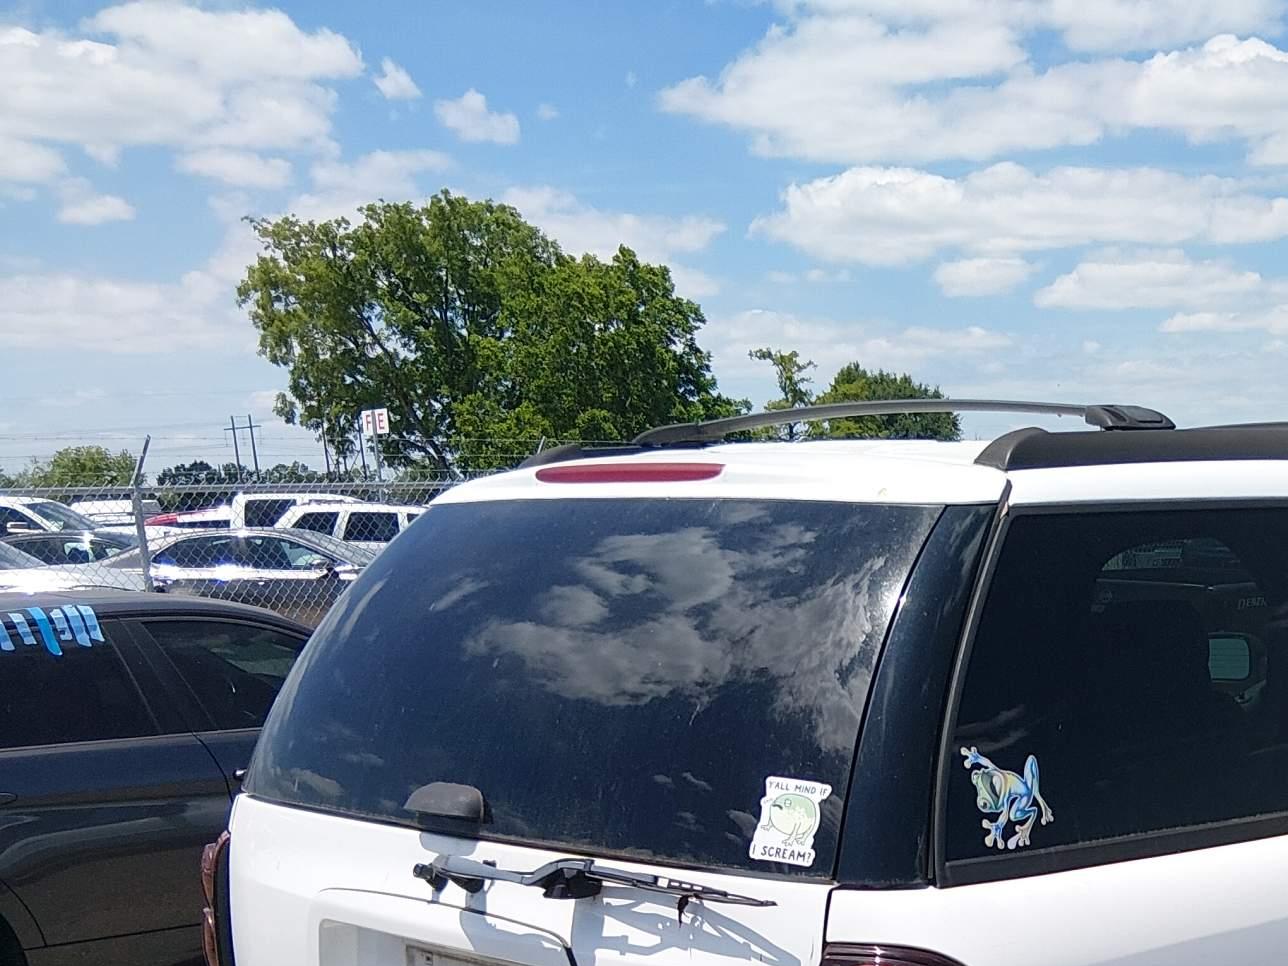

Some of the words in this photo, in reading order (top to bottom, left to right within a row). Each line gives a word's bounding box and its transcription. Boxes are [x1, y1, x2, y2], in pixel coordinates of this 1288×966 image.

[768, 780, 790, 792] Y'ALL
[793, 784, 817, 795] MIND
[819, 787, 829, 797] IF
[760, 845, 812, 864] SCREAM?

★ ★ ★ ★ ★

Work task
Please return every record above exactly, but leave out the pictures.

Output for this exercise
Some of the words in this photo, in reading order (top to bottom, left to right within a row). Each line gives a word's bounding box and its transcription. Boxes are [x1, y1, x2, y2], in pixel coordinates of this 1288×966 image.

[768, 780, 790, 792] Y'ALL
[793, 784, 817, 795] MIND
[819, 787, 829, 797] IF
[760, 845, 812, 864] SCREAM?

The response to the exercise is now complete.